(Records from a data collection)
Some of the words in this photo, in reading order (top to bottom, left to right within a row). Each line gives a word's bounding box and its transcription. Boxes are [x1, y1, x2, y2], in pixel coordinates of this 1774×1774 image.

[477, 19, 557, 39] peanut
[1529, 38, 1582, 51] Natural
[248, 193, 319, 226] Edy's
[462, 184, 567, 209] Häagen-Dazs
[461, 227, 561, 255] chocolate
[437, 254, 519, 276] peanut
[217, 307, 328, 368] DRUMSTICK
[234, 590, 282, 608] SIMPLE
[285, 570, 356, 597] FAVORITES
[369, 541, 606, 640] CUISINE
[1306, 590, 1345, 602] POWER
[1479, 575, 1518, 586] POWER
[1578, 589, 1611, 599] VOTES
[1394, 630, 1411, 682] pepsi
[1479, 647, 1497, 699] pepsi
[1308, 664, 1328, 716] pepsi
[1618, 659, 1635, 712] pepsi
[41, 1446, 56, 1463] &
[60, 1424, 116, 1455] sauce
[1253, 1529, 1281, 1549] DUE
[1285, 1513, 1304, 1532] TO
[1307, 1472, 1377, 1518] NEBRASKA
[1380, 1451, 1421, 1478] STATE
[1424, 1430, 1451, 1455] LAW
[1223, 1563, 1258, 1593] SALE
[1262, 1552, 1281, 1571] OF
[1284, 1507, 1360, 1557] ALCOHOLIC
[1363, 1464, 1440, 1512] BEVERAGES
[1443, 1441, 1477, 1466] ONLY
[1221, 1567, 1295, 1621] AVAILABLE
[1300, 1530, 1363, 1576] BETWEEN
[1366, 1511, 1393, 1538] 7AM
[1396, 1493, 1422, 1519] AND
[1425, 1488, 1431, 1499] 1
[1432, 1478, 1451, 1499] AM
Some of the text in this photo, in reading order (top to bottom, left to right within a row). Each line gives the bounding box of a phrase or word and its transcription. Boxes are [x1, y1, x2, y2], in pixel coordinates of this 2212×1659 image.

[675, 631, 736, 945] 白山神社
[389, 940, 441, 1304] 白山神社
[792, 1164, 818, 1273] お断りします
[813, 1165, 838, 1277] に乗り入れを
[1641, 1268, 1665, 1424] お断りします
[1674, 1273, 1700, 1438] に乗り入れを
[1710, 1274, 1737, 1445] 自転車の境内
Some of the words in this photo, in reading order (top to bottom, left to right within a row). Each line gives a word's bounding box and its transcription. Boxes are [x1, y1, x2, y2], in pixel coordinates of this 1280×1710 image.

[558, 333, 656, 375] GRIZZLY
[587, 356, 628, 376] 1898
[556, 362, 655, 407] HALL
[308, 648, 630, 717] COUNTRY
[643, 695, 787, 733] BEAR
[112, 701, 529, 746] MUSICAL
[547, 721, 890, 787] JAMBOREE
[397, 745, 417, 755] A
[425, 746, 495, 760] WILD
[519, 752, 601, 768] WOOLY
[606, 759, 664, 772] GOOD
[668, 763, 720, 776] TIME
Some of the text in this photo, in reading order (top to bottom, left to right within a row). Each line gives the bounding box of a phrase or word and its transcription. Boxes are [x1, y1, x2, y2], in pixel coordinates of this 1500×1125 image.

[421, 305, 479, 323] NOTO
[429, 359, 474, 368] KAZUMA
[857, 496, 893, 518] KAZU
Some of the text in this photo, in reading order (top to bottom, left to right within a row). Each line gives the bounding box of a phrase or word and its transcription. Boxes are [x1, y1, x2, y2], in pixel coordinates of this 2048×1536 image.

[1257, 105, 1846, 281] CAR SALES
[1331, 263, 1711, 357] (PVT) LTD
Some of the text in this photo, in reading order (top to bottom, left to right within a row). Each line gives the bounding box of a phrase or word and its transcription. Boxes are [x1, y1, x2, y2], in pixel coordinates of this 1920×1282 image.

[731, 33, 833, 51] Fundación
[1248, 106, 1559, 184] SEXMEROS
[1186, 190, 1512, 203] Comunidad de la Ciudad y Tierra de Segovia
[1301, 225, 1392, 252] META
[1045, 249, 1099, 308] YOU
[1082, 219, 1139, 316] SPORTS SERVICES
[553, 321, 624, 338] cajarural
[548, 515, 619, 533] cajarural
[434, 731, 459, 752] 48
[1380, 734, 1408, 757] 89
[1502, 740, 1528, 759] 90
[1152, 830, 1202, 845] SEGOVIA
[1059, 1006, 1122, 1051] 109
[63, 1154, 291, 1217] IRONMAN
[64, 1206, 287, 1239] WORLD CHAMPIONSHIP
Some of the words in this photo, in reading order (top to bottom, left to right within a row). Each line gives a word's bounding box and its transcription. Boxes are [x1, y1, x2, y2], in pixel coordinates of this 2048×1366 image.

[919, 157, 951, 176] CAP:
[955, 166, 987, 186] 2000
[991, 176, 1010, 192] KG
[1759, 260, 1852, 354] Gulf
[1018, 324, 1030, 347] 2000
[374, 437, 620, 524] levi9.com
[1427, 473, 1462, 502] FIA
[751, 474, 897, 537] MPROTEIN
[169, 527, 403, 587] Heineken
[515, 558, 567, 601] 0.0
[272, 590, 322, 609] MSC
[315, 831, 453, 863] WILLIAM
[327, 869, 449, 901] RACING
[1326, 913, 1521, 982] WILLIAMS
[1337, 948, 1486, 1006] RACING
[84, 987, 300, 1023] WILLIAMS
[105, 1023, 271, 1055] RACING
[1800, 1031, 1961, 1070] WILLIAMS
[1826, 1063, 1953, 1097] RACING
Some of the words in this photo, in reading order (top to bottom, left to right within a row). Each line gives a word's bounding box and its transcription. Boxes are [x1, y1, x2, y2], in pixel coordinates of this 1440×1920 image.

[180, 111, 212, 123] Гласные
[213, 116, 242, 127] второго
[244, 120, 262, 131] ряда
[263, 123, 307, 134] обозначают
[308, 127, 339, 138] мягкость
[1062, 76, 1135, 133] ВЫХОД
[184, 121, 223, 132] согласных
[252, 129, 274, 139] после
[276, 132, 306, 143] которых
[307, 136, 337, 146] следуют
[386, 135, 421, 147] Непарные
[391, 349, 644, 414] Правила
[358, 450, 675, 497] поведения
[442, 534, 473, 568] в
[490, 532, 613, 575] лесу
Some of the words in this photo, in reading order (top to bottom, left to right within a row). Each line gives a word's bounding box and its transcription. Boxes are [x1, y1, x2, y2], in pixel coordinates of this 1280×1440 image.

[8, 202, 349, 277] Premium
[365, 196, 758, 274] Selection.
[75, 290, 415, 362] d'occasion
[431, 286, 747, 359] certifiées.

**ABOUT THIS TASK:**
Transcribe exactly, starting at the line with "this 2048×1366 image." and continuing through the last line of the data above; leave out all earlier lines.

**FINAL ANSWER:**
Some of the words in this photo, in reading order (top to bottom, left to right within a row). Each line gives a word's bounding box and its transcription. Boxes are [x1, y1, x2, y2], in pixel coordinates of this 2048×1366 image.

[919, 157, 951, 176] CAP:
[955, 166, 987, 186] 2000
[991, 176, 1010, 192] KG
[1759, 260, 1852, 354] Gulf
[1018, 324, 1030, 347] 2000
[374, 437, 620, 524] levi9.com
[1427, 473, 1462, 502] FIA
[751, 474, 897, 537] MPROTEIN
[169, 527, 403, 587] Heineken
[515, 558, 567, 601] 0.0
[272, 590, 322, 609] MSC
[315, 831, 453, 863] WILLIAM
[327, 869, 449, 901] RACING
[1326, 913, 1521, 982] WILLIAMS
[1337, 948, 1486, 1006] RACING
[84, 987, 300, 1023] WILLIAMS
[105, 1023, 271, 1055] RACING
[1800, 1031, 1961, 1070] WILLIAMS
[1826, 1063, 1953, 1097] RACING
Some of the words in this photo, in reading order (top to bottom, left to right within a row). Each line gives a word's bounding box and its transcription. Boxes are [x1, y1, x2, y2], in pixel coordinates of this 1440×1920 image.

[180, 111, 212, 123] Гласные
[213, 116, 242, 127] второго
[244, 120, 262, 131] ряда
[263, 123, 307, 134] обозначают
[308, 127, 339, 138] мягкость
[1062, 76, 1135, 133] ВЫХОД
[184, 121, 223, 132] согласных
[252, 129, 274, 139] после
[276, 132, 306, 143] которых
[307, 136, 337, 146] следуют
[386, 135, 421, 147] Непарные
[391, 349, 644, 414] Правила
[358, 450, 675, 497] поведения
[442, 534, 473, 568] в
[490, 532, 613, 575] лесу
Some of the words in this photo, in reading order (top to bottom, left to right within a row). Each line gives a word's bounding box and its transcription. Boxes are [x1, y1, x2, y2], in pixel coordinates of this 1280×1440 image.

[8, 202, 349, 277] Premium
[365, 196, 758, 274] Selection.
[75, 290, 415, 362] d'occasion
[431, 286, 747, 359] certifiées.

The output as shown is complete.